WWW, uniform access, document management, Computer Supported Co-operative Work.
Consider the fact that the World Wide Web emerged from the field of high energy physics. In this field, heterogeneous collaborations form to build scientific instrumentation in a scale that would not be reachable by any nation alone. The organization in such projects resembles a bring-a-dish party. Everyone who joins the convention is expected to bring something voluntarily. Typically the contributions are based on latest research and technical development results, and further innovations are being made even when the party is warming up. It is then essential for each partner to provide others with current information on the status of its activities. Collaborative work of this kind is very difficult without universal low cost access to information across information technological borders.
For instance, a considerable amount of engineering data is available from the WWW at CERN. Several design groups use the Web extensively for these purposes. In most of these cases, remote data is input via ftp into separate Internet addresses, from where the files are the transferred to the right places by the administrators [1]. In addition, new links are created and new browsing structures are created as the needs emerge. As anybody experienced in creating and maintaining WWW sites, these tasks are rather laborious, and each and every group has its own ideas about how to arrange these sites.

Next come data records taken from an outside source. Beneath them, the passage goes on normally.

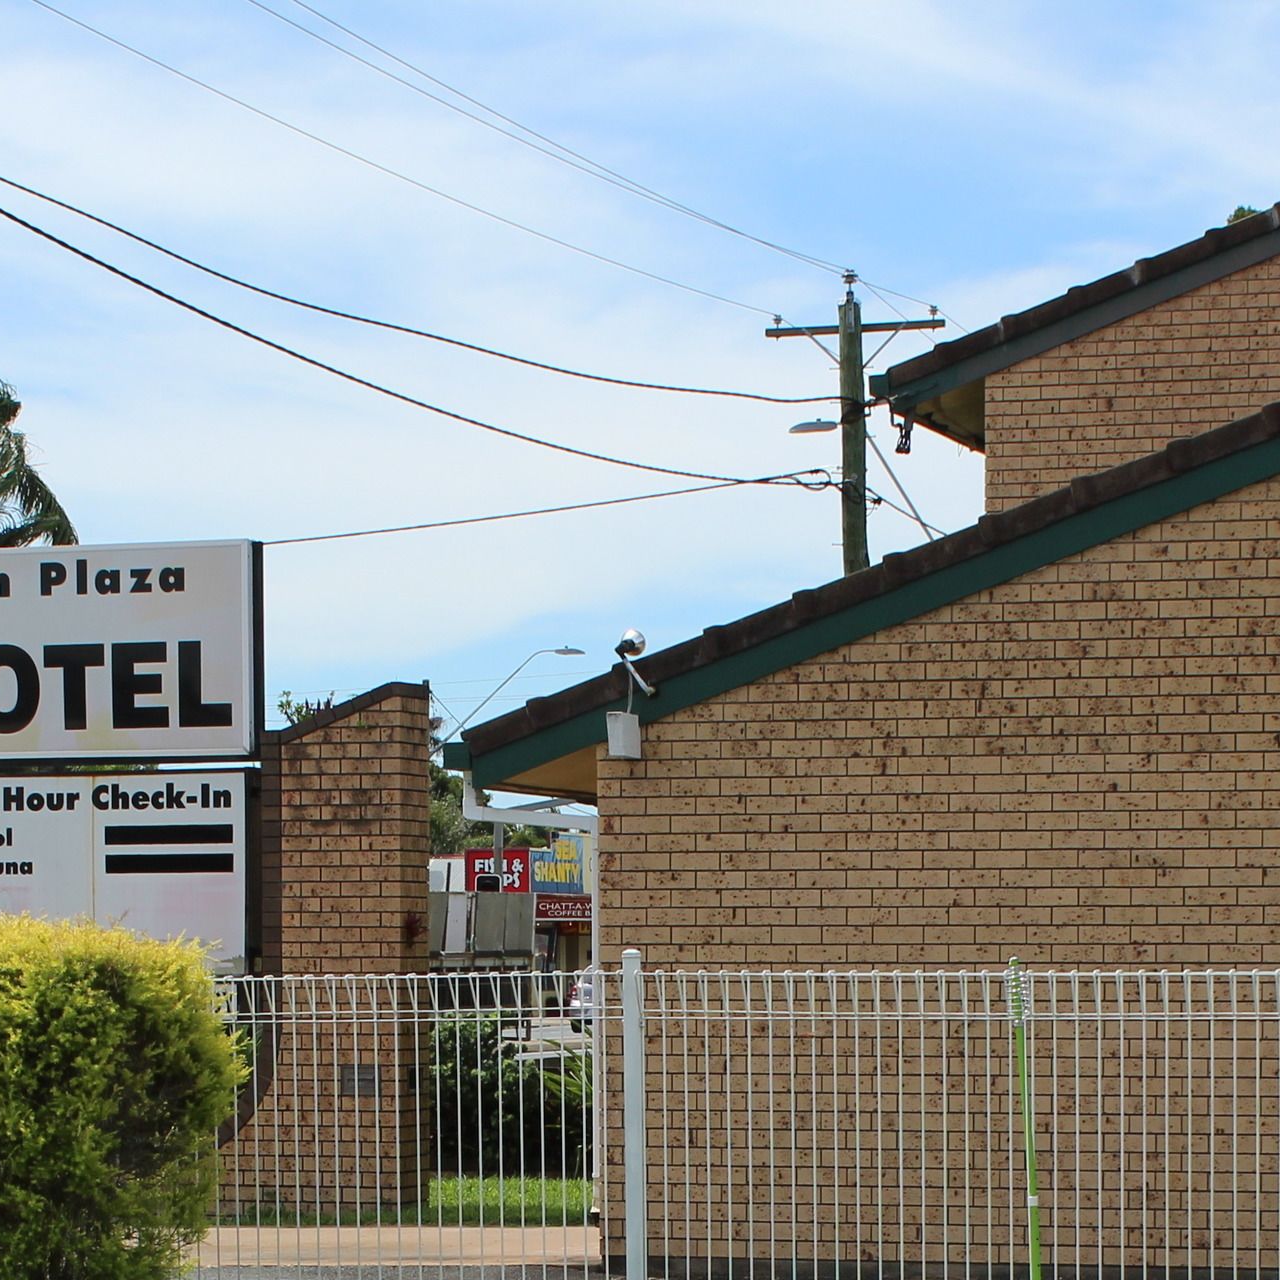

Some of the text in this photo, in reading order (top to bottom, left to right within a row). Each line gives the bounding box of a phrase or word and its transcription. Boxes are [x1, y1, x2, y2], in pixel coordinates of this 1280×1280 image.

[39, 559, 186, 596] Plaza
[3, 786, 80, 812] Hour
[92, 783, 232, 811] Check-In
[511, 859, 524, 873] &
[534, 861, 579, 883] SHANTY
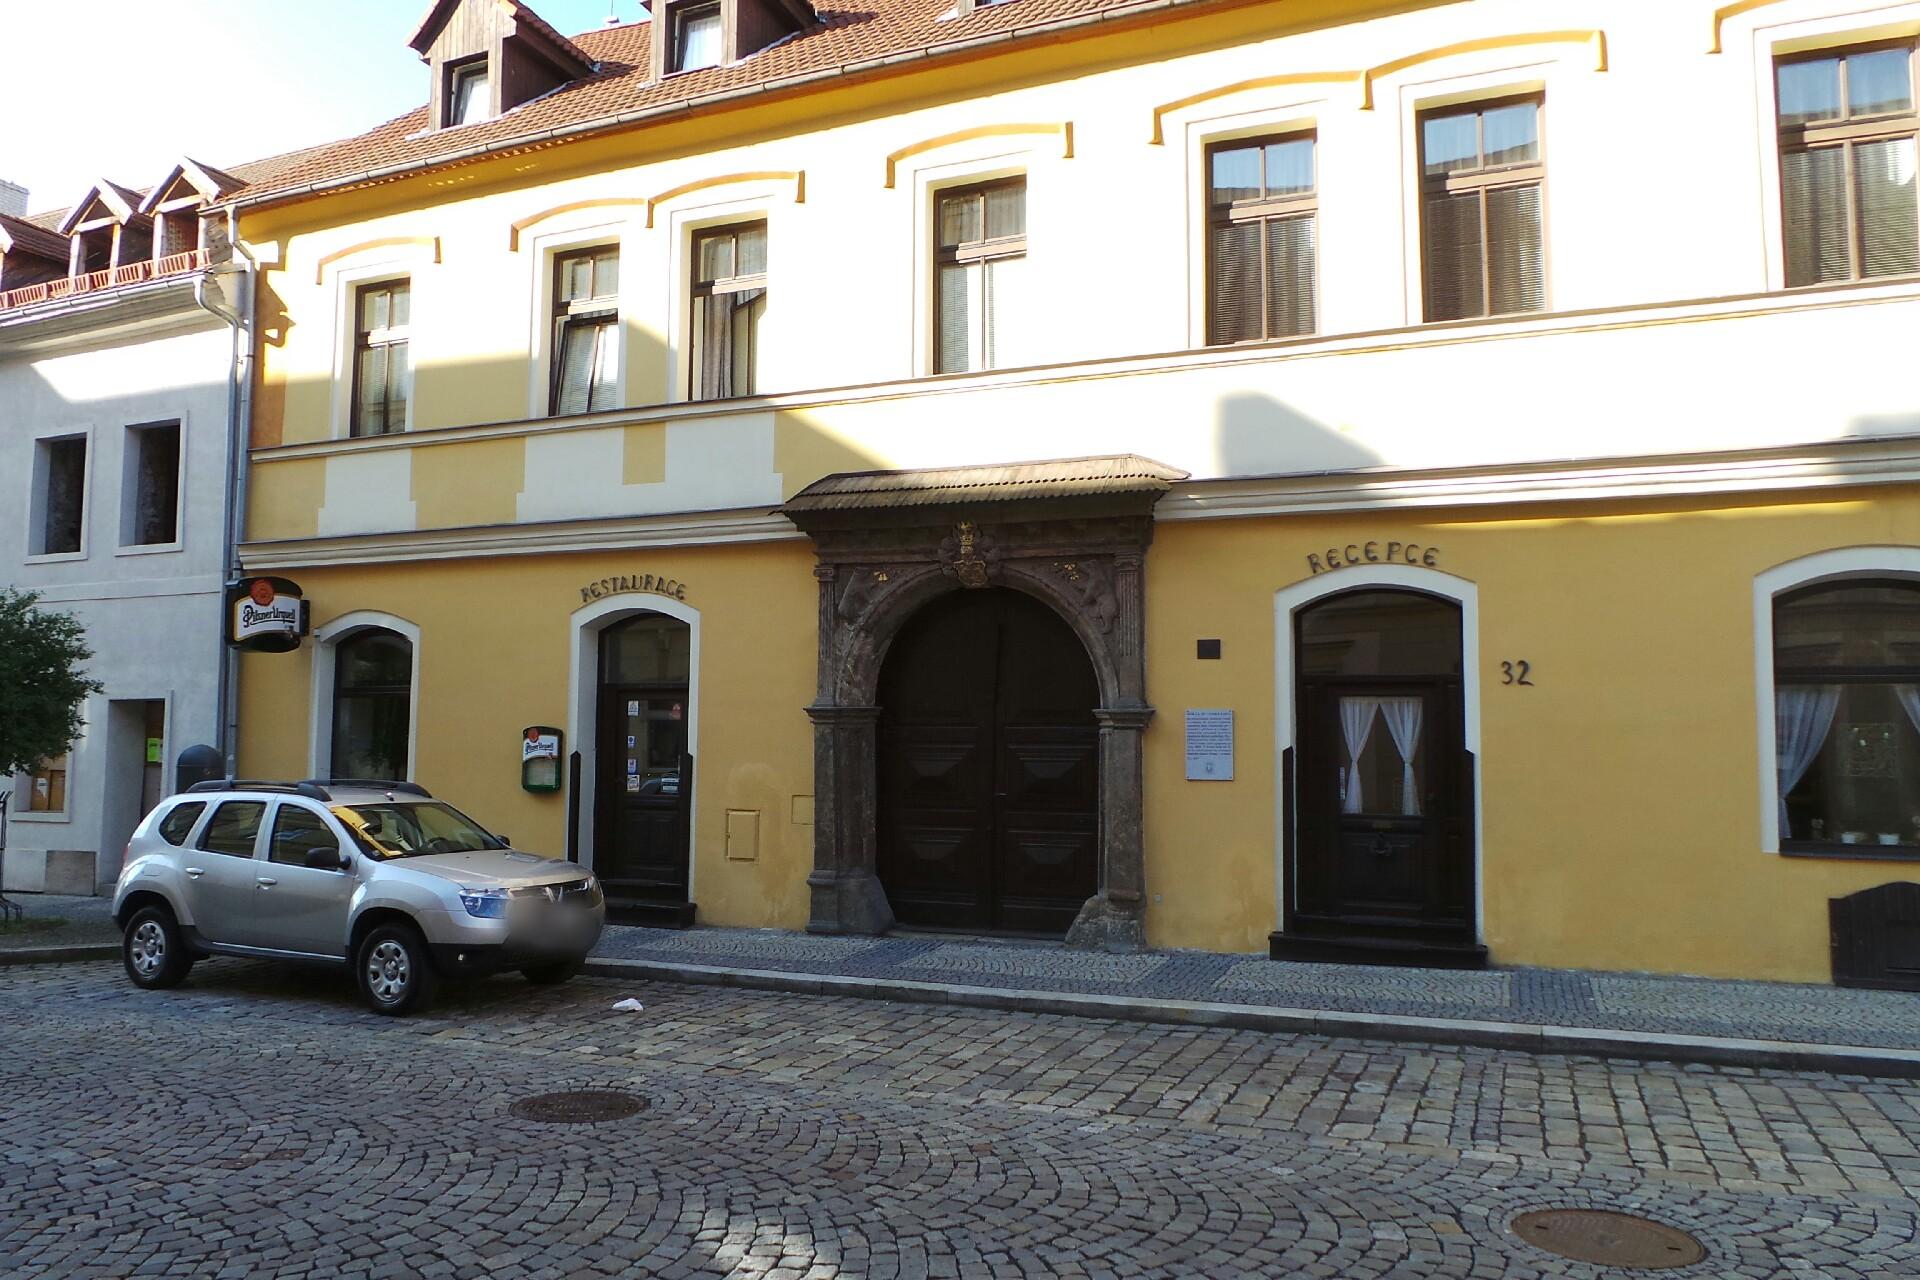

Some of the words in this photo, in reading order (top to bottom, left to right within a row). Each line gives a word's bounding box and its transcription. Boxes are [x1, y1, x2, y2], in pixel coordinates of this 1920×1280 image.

[1307, 541, 1440, 574] RECEPCE
[580, 574, 687, 602] RESTAURACE
[243, 605, 273, 628] Pilsner
[273, 605, 296, 623] Urquell
[1501, 660, 1535, 687] 32

Now that the technology has matured for utilization in the commercial sectors, many unsolved and tricky questions still remain related to organising, maintaining, and sharing the universally accessible information in a systematic way. A lot of effort is being allocated to building WWW interfaces by engineering data and document management system vendors. As a result, proprietary interfaces or WWW add-ons are emerging, which are based on the core technologies of the WWW. Due to commercial reasons, the WWW implementations look very much like their non-WWW versions and thus appear to users as incompatible as the pre-WWW era applications themselves. It seems that a maximum in accessibility has been passed and the original spirit of the WWW as a tool for uniform access to heterogeneous information is quickly fading.

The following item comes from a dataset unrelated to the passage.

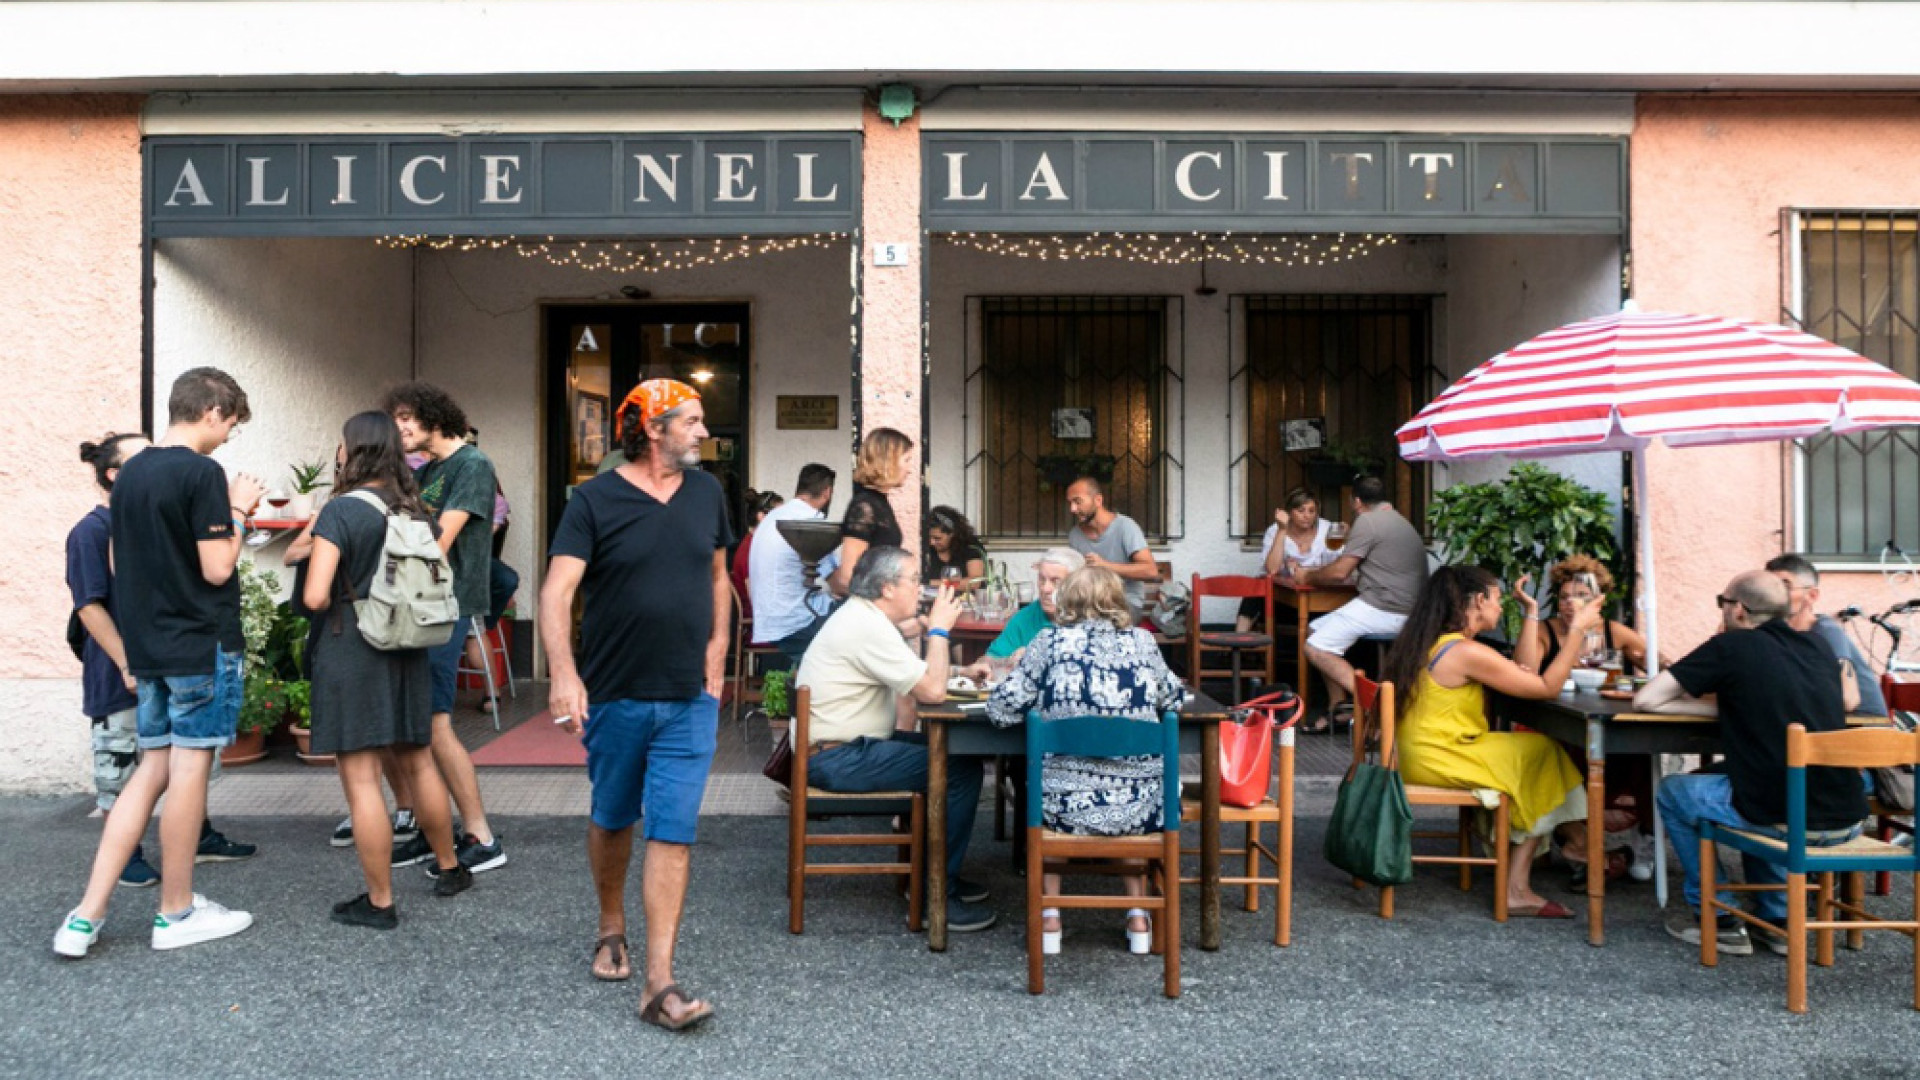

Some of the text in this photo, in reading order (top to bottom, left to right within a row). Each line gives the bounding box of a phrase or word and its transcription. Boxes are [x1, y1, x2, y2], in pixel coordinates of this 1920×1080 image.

It is within the scope of this article to study alternative and practical solutions that would revive the WWW as a global groupware, where documents can be exchanged across geographical and organizational boundaries. At the same time, the information structure should be clear and easy to maintain in order to achieve coherence of information. From the user's point of view, attention paid to detailed features of different storage systems is unwelcome. At CERN, for example, engineers', physicists', and managers' interest is to leave system specifics in the background and concentrate on working with their documents. Thus the main concern is to ensure
We feel that the divergence in interface design needs to be counteracted with a universal access tool that can replace or augment the vendor specific front-ends. Therefore we have decided to build a lightweight and modular system that can provide a universal WWW interface to engineering information regardless of the physical storage system that actually hosts it. The system consists of modules that bring a selected set of generic functions available on the WWW, thus separating the users from the underlying storage system specifics. We target our system as a working tool for heterogeneous, distributed working environments, not as a casual browsing tool for the World Wide Web.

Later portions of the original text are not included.